Mitochondrial mutations alter the NADH to NAD+ ratio

Next, the researchers wanted to know what was tying the mitochondrial mutation rate to oocyte quality. They used a genetically altered mouse that accumulates 7 to 10 times the level of mitochondrial DNA deletions and a 2500-fold higher level of point mutations compared to unaltered mice. This mouse model allows a detailed examination of the causal role of mitochondrial DNA mutations in age-related fertility and its dependence on sex.

They demonstrated that mitochondrial DNA mutations decrease female mice’s fertility by impairing the oocyte’s ratio of NADH to NAD+. Notably, the oocytes from elder mice showed a similarly perturbed ratio of NADH to NAD+.

NMN recovers fertility in mice with mitochondrial mutations

Treatment with NMN, a key NAD+ intermediate, elevated the amount of NADH in oocytes of genetically modified mice that accumulate mitochondrial DNA mutations. The unchanged amount of NAD+ with the up-regulation of NADH indicated that the ratio of NADH to NAD+ in oocytes of these genetically modified mice was increased by NMN treatment.

Yang and colleagues then wanted to test if the recovery of NADH to NAD+ levels by NMN in oocytes had effects on mouse fertility. To do so, they examined the litter sizes of the genetically modified mice that gain mitochondrial DNA mutations that were given drinking water supplemented with NMN. What they saw was that the mice that were drinking water with NMN (900 mg/kg/day) had larger litter sizes than those that did not.
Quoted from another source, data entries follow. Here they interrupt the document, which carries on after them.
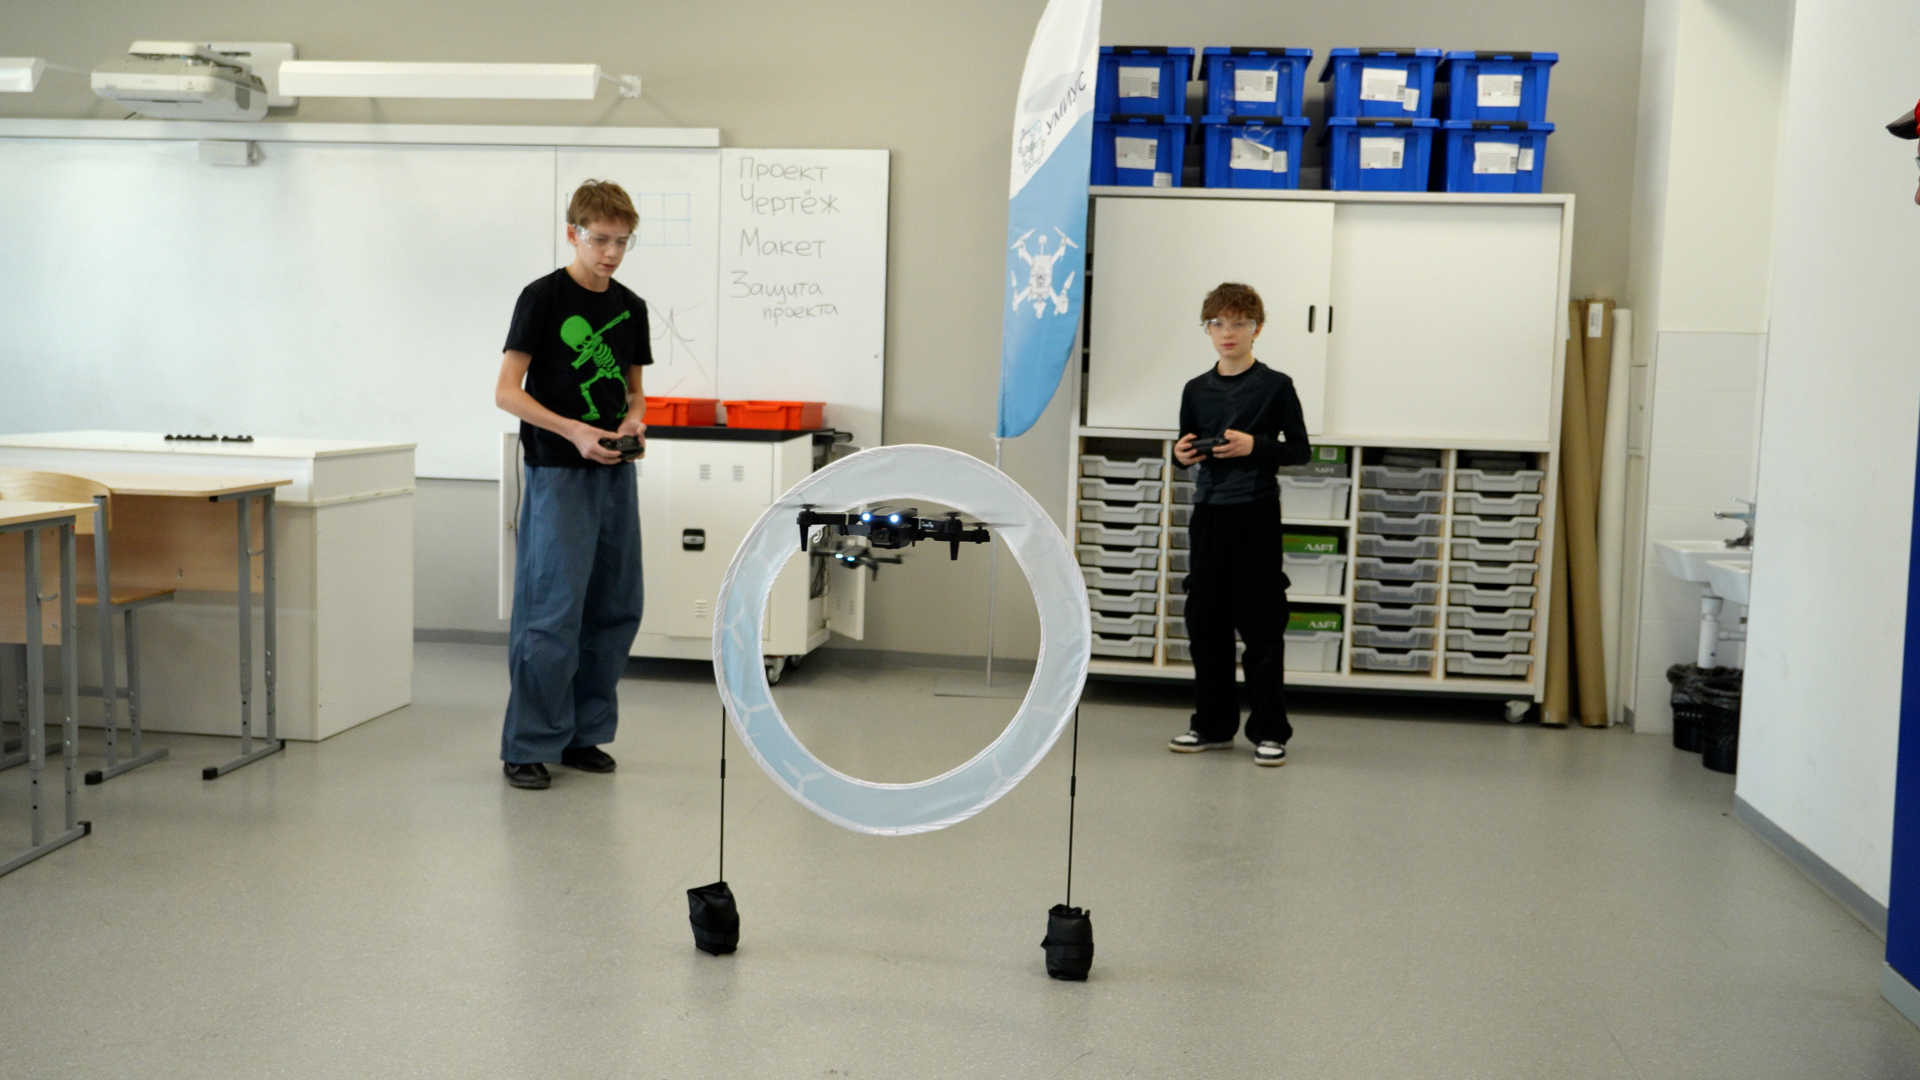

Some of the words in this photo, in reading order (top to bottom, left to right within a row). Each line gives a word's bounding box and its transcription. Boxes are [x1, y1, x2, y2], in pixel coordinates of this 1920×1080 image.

[1046, 71, 1086, 136] УМИУС
[740, 156, 829, 183] Проект
[740, 183, 841, 217] Чертёж
[739, 227, 827, 260] Макет
[730, 270, 824, 305] Защита
[762, 303, 839, 327] проекта
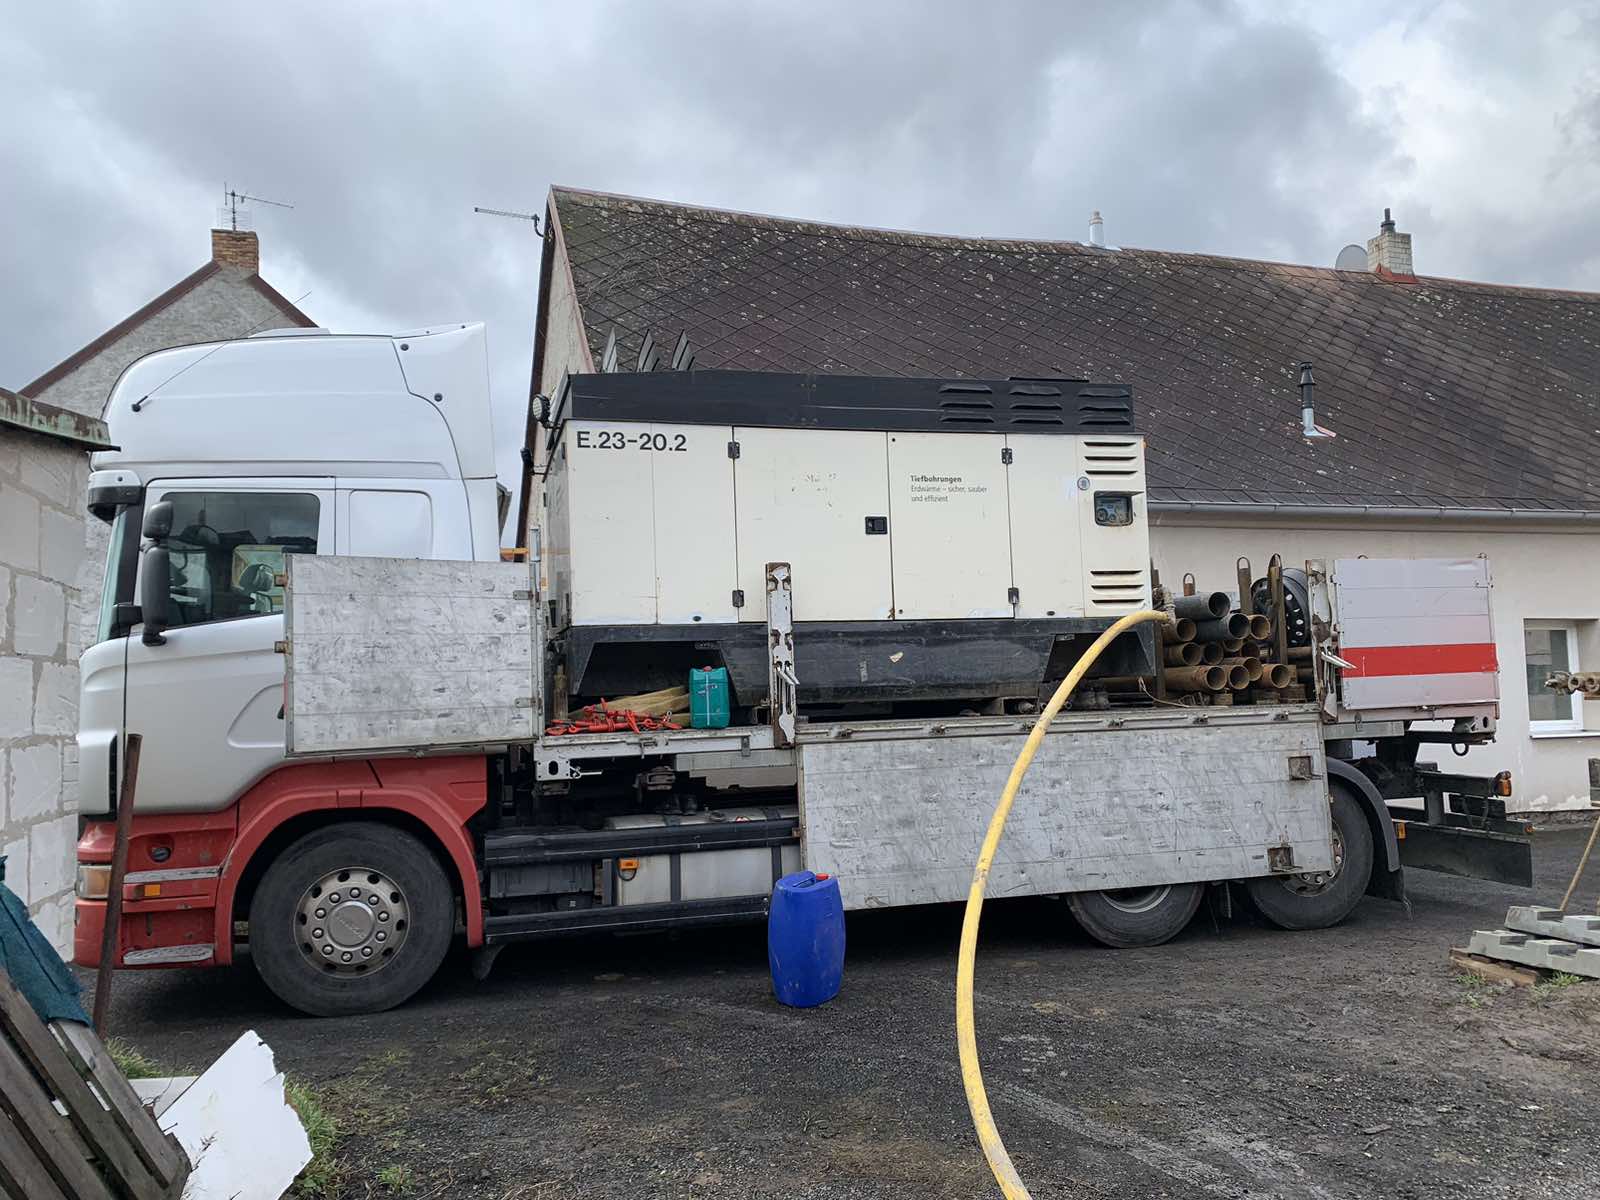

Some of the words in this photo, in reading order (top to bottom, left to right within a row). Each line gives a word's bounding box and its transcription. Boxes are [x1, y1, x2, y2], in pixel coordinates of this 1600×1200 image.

This result indicates that NMN is remarkably capable of ameliorating infertility in these female mice.

(Yang et al. 2020 | Aging Cell) Accumulation of mtDNA mutations decreases female fertility by reducing oocyte NADH to NAD+ ratio. Genetically modified mice that gain mitochondrial mutations were given water with or without NMN. They were then examined for their litter size (top; b) and NADH to NAD+ ratio (bottom; d). NMN treatment increased litter size and the NADH to NAD+ ratio in these female mice.

Can NMN be used to aid reproduction in humans? 

These findings show that NMN has potential as a therapeutic option for mitochondrial DNA mutations in oocytes. “Our study, by systematically comparing the quality and mitochondrial DNA mutations of oocytes in young and elder female patients, showed that mitochondrial DNA point mutations inversely correlate with oocyte quality, which provides another potential biomarker for embryo viability in assisted reproduction, and demonstrated NMN as a potential candidate drug for oocyte aging caused by mitochondrial DNA mutation,” said the researchers.

It is important to note that the mouse model used here was not an aging model per se but, in fact, a mitochondrial mutation model. These findings will need to be replicated in a more robust model of aging prior to being applied to human subjects and in assisted reproduction.